Patient Profiles in Sjögren's Syndrome

Patient Profiles in Sjögren's Syndrome

This activity is sponsored by Bausch + Lomb.

Detecting Sjögren’s Syndrome


Clifford L. Salinger, MD

Medical Director
VIP Laser Center
Palm Beach Gardens, FL

For many years, eye care professionals have been aware of the association of dry eye disease and Sjögren’s syndrome. The challenge has been to positively identify those individuals in whom Sjögren’s syndrome is a significant underlying factor contributing to their ocular condition. Multiple diagnostic modalities have failed in many cases to detect either the antibody via blood testing or the histologic signs in oral mucosal biopsy, because of lack of sensitivity or specificity. Studies have revealed that Sjögren’s syndrome significantly increases both morbidity and mortality because of associated systemic pathophysiology, with lymphoma being one of the more serious consequences.
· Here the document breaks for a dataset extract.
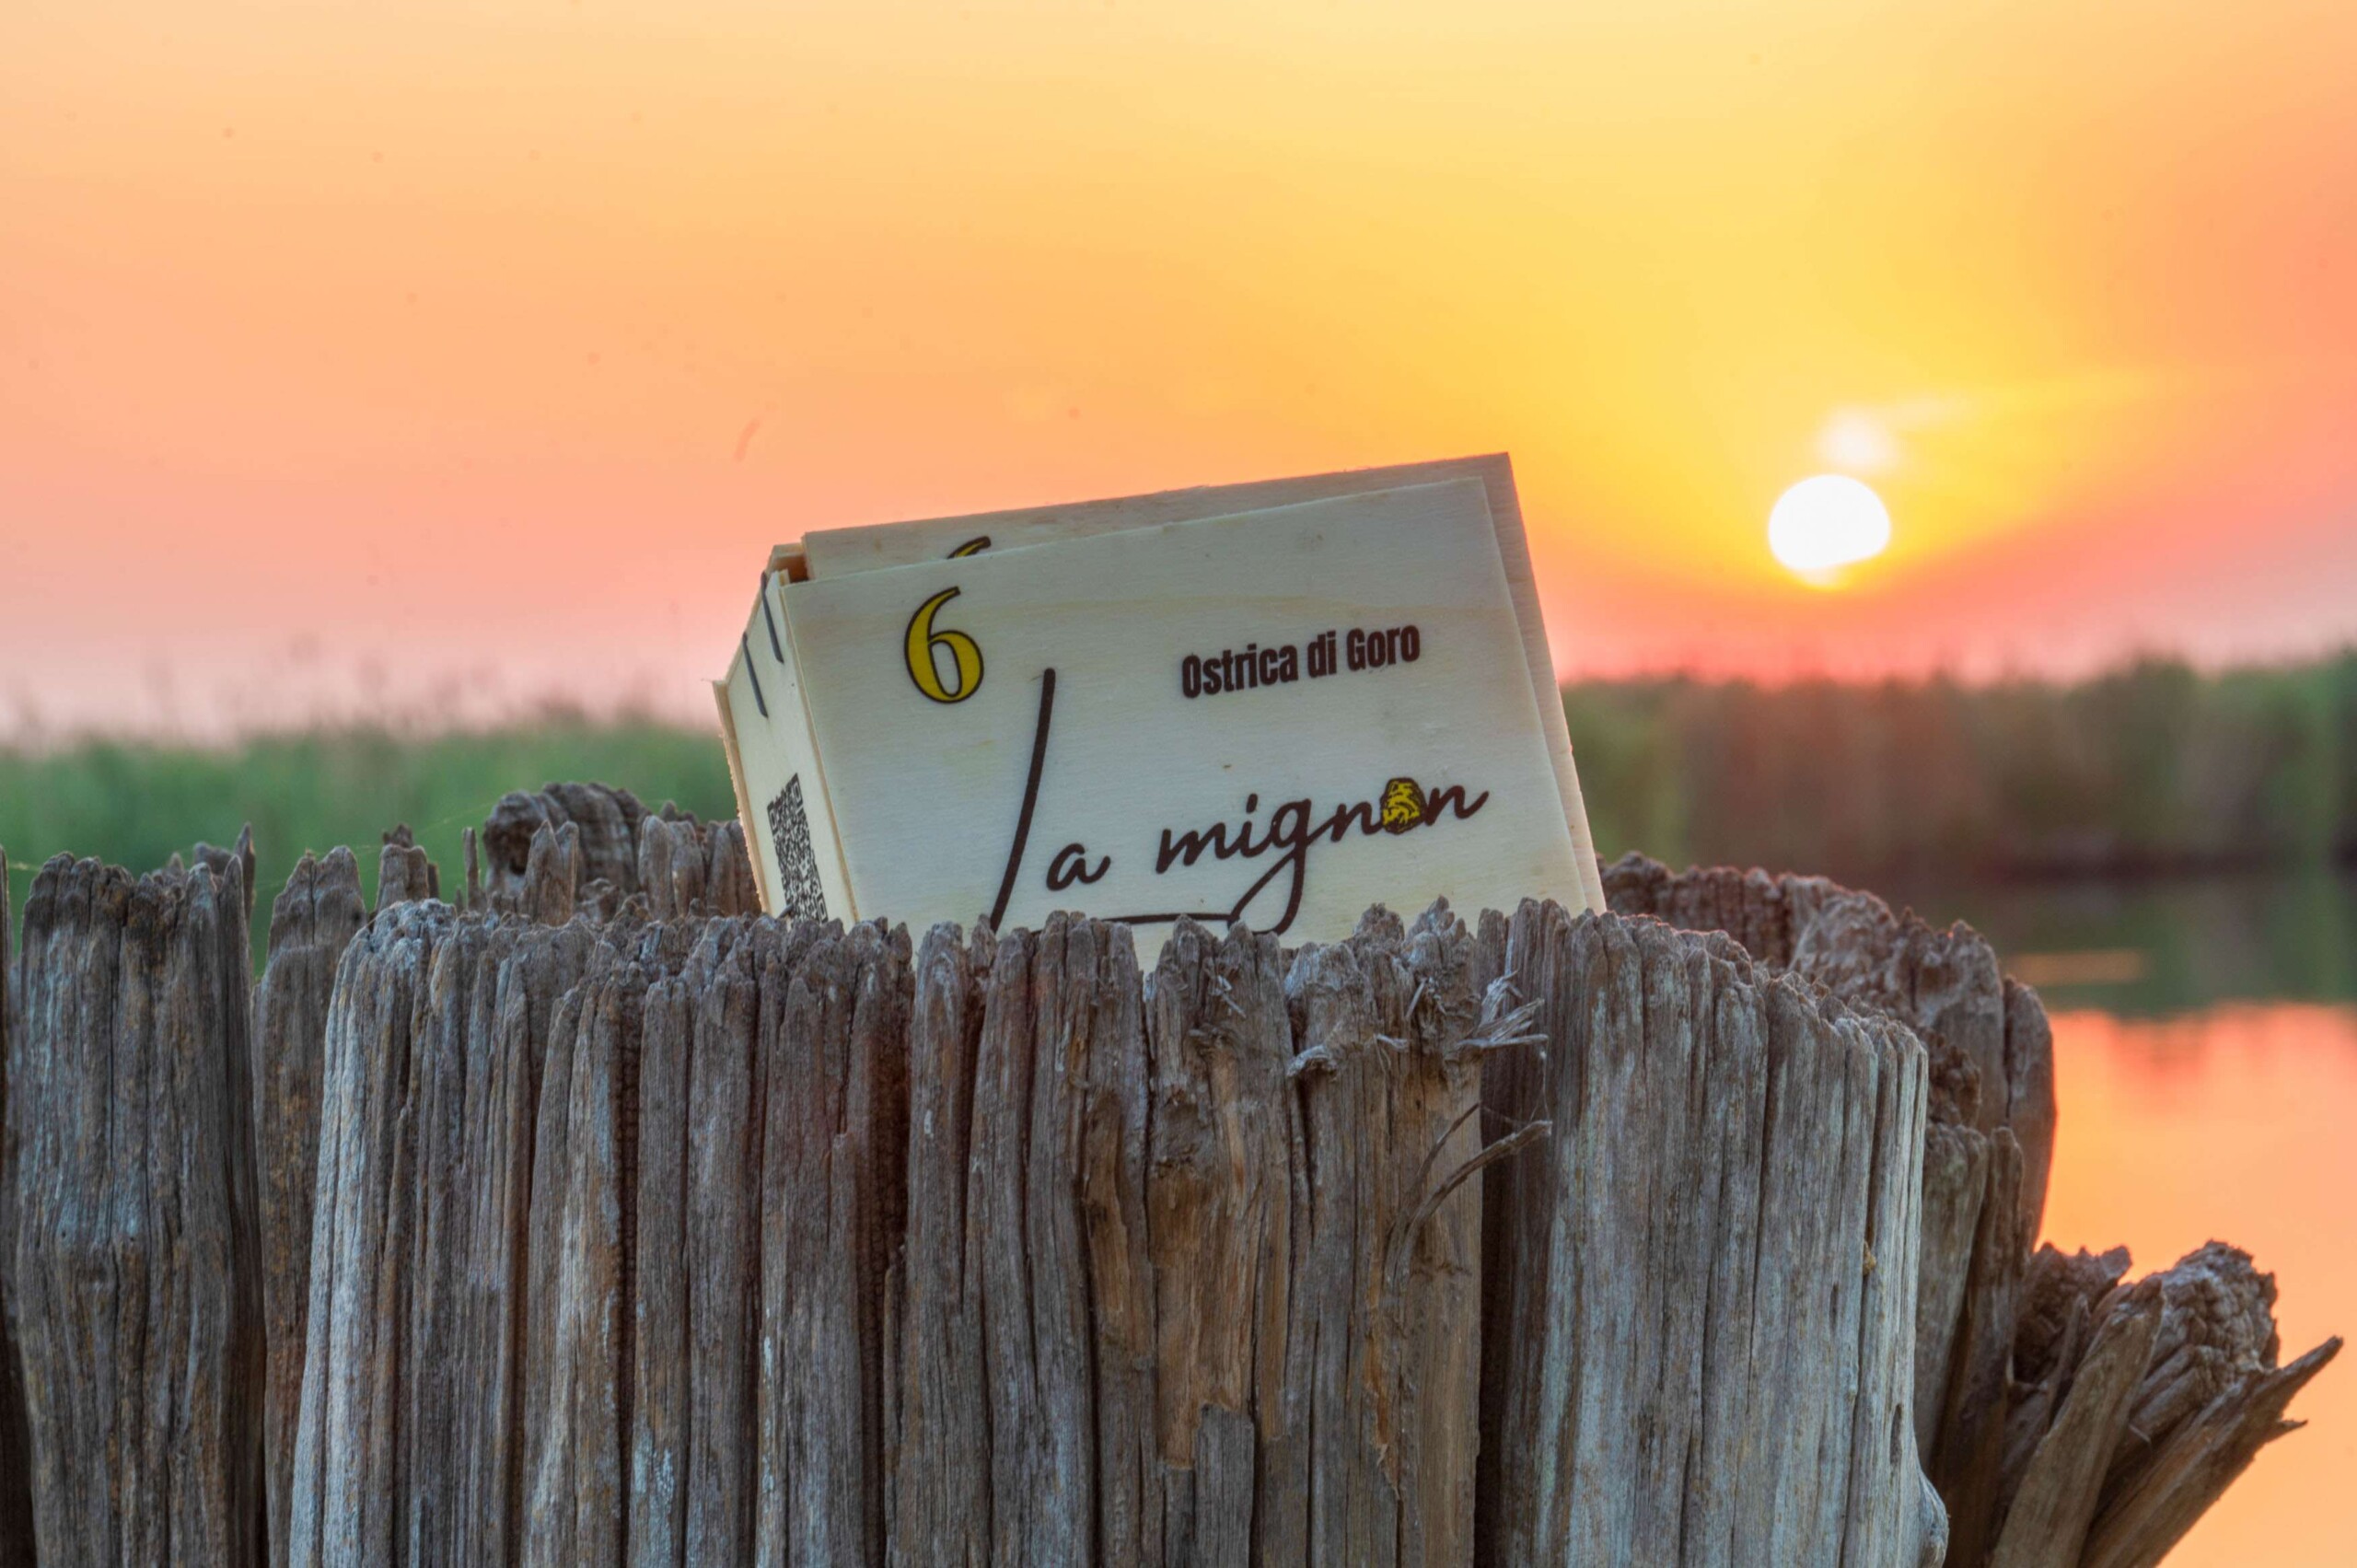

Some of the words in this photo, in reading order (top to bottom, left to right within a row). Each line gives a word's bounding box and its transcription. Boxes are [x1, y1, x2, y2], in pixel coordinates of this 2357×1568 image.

The lack of awareness among our rheumatology and internal medicine colleagues became abundantly clear when a 54-year-old woman presented with complaints of chronic and progressive dry eye disease. The patient had significant and persistent ocular symptoms, with an Ocular Surface Disease Index score of 40, a Standard Patient Evaluation of Eye Dryness questionnaire maximum score of 28, and a Dry Eye Questionnaire 5 score of 18, despite long-term use of cyclosporine A (twice a day), well-positioned silicone punctal plugs in both lower eyelids, frequent use of preservative-free tears (approximately 6 times a day), and daily omega-3 supplements. She had also been diagnosed with “burning mouth syndrome” and “chronic fatigue syndrome,” as defined by her primary care physician, and “post-menopausal vaginal atrophy with vaginal dryness related to possible Sjögren’s syndrome,” as noted by her rheumatologist. Further questioning revealed additional symptoms consistent with Sjögren’s syndrome including intermittent myalgia, lower extremity achiness and joint pains and an “abnormal weight loss” of about 10 lbs in the past couple of months, coincident with increased symptomatology. Previous evaluations revealed a “negative antibody profile.”

"We now can diagnose Sjögren’s syndrome in patients on average, almost 5 years earlier than with traditional antibody profile and tissue biopsy."

With repeated encouragement, the patient consented to have blood drawn for the Sjö® diagnostic test (Bausch + Lomb), which includes the Early Sjögren’s Syndrome Profile. The test identifies the presence or absence of unique biomarkers consistent with Sjögren’s syndrome separate from the standard or traditional ones that are routinely tested. Results revealed a slightly elevated carbonic anhydrase 6, immunoglobulin G (IgG) value of 22.1 EU/mL (normal value ‹20.0), and immunoglobulin M (IgM) value of 22.5 EU/mL (normal value ‹20.0). The rheumatologist’s conclusion was “possible seronegative Sjögren’s syndrome” based on her global symptomatology, despite the finding of a “mildly positive carbonic anhydrase Ab, which may be positive in some patients years before other antibodies but is still not part of the diagnostic criteria.” The rheumatologist also noted that “in light of negative (traditional) antibody profile,” it was recommended to perform an additional work-up to rule out Sjögren’s syndrome mimics, including hepatitis C and lymphoma. This included a lip (salivary gland) biopsy, which failed to obtain sufficient tissue sample for evaluation, as reported by the patient, and she refuses to have the biopsy repeated.

The Sjö test, with four proprietary biomarkers — and, therefore, inherently increased sensitivity — has greatly improved our diagnostic capability to identify these individuals. With this test, we can diagnose Sjögren’s syndrome in patients on average, almost 5 years earlier than with traditional antibody profile and tissue biopsy. These patients can thus be treated much earlier during their disease, which reduces both the consequent morbidity and mortality of their condition. Eye care professionals are in a unique position to diagnose Sjögren’s syndrome in these individuals and save them years of misery because dry eye disease is often one of the earliest manifestations of their condition. I believe that it is our collective responsibility to educate our medical colleagues regarding the critical importance of actively identifying these individuals, defining the presence of their disease and treating them earlier and more aggressively to minimize the potential for long-term sequelae.